In an interesting study, a slightly older group of 40 non-gamer adults in the Forty Urbana-Champaign, Illinois, community, with an average age of 69, was randomly divided into two groups. The lucky group was asked to play the real-time strategy game, Rise of Nations Gold Edition (RON). RON combines the speed of real-time gaming and the complexity of turnbased strategy games. In the game, the players had to build new cities, improve city infrastructure, and expand their national borders.

The game has several ways in which victory can be achieved. One is through conquering other via military might but, other paths to victory include building a set of world wonders, diplomacy and through technological victory. A series of cognitive tests were administered to track executive control and visuospatial skills.

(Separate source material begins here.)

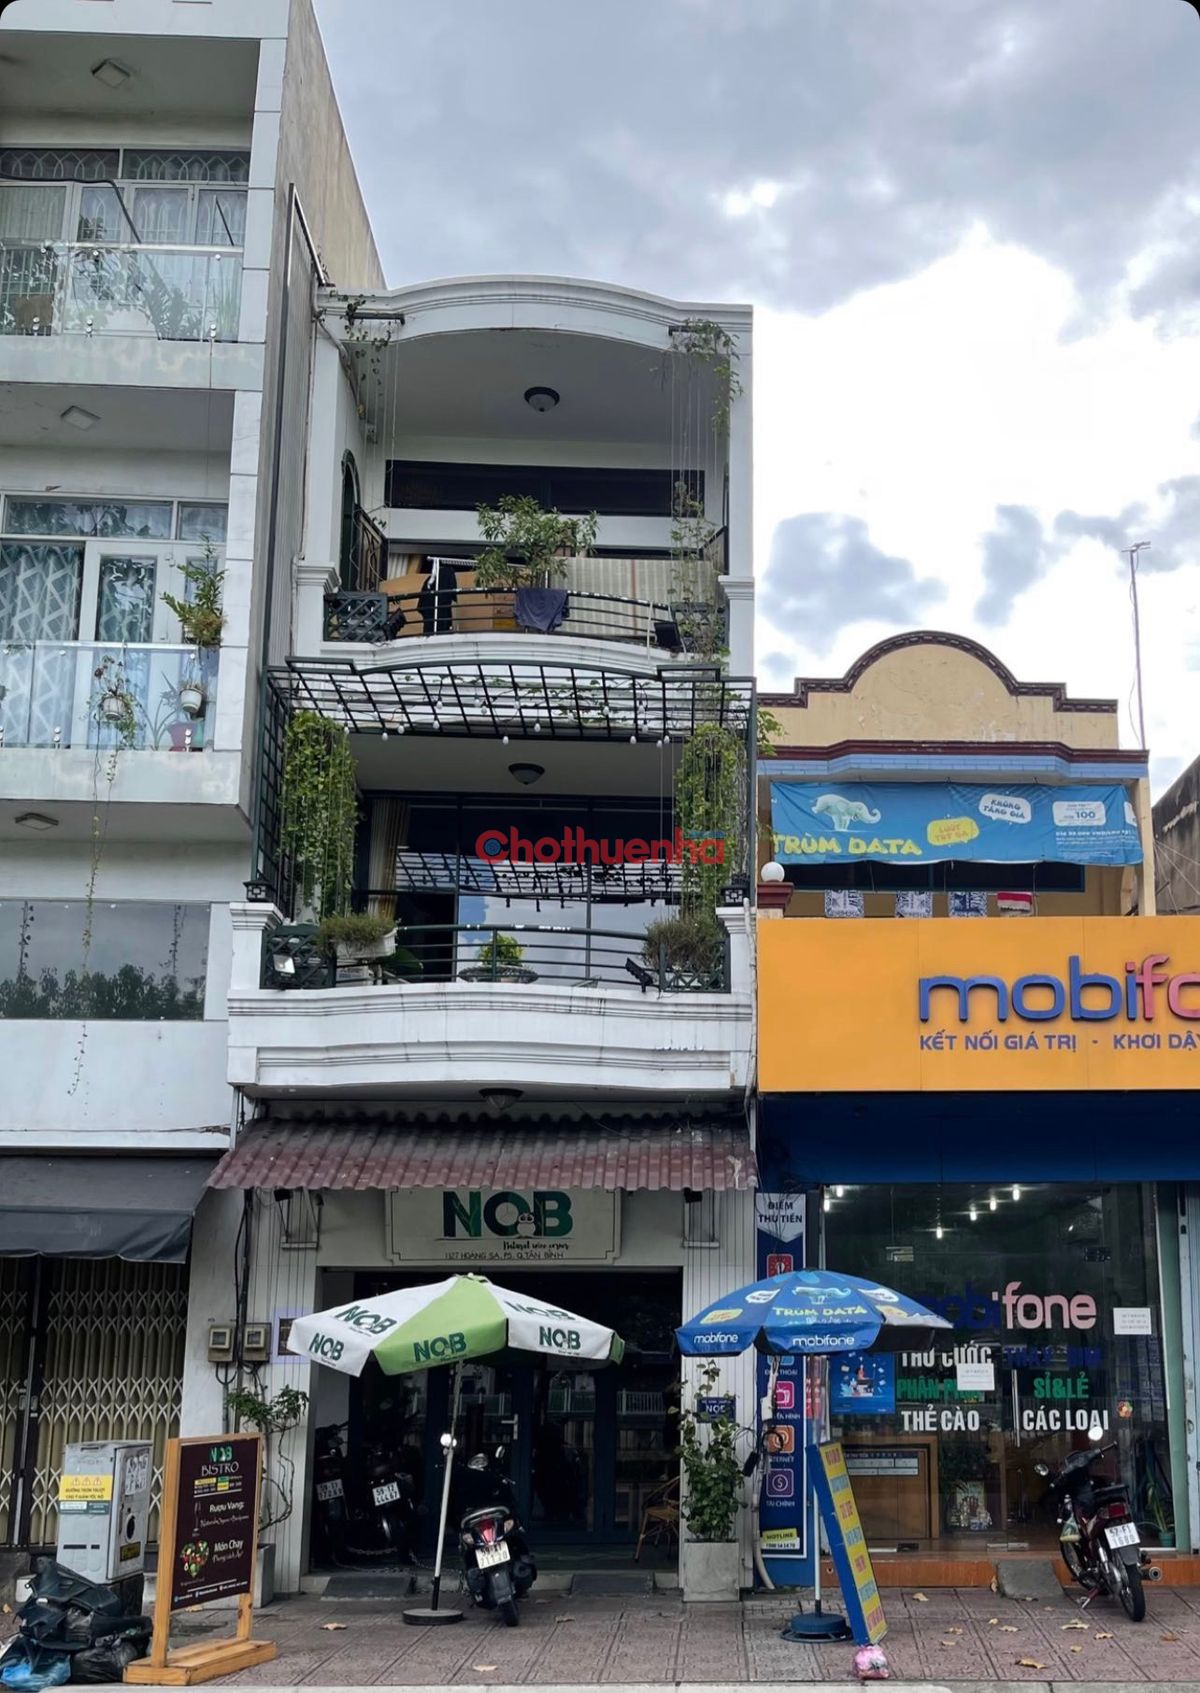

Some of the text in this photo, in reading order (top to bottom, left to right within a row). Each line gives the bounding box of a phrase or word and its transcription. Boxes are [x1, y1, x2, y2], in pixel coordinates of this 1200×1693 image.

The second group, the control group, only got to take the cognitive tests and did not get to play the game. The purpose of this group was to provide a standard of comparison.

The results indicated that the group who played Rise of Nations improved significantly more than the control participants in executive control functions, of task switching, working memory, visual short-term memory, and reasoning

So video games help older individuals to stay mentally sharp!
.

Source: Basak, C., Boot, W.R., Voss, M. W. & Kramer, A. F. (2008) Can Training in a Real-Time Strategy Video Game Attenuate Cognitive Decline in Older Adults? Psychology and Aging. Vol. 23, No. 4, 765–777.

Posted in: Games

Leave a Comment (2) ↓

2 Comments

  1. karlkapp July 12, 2011

    Rajneesh, It does help with children as well, I’ll post on that tomorrow, thanks for the question and buy your child a “GameBoy” 🙂 Actually, it was the strategy game that really encouraged the learning so strategy games are helpful. Other types of games may not be as effective. So the right game is as important as the right hardware.

  2. Rajneesh July 11, 2011

    This article is very interesting because ID is concerned with how to help student encode information. It appears from your posting that games seem to advance behavioral and cognitive abilities in elder people. I wonder if such research is true for children as well. Perhaps you should be encouraging your child to pick his GameBoy up instead of putting it down?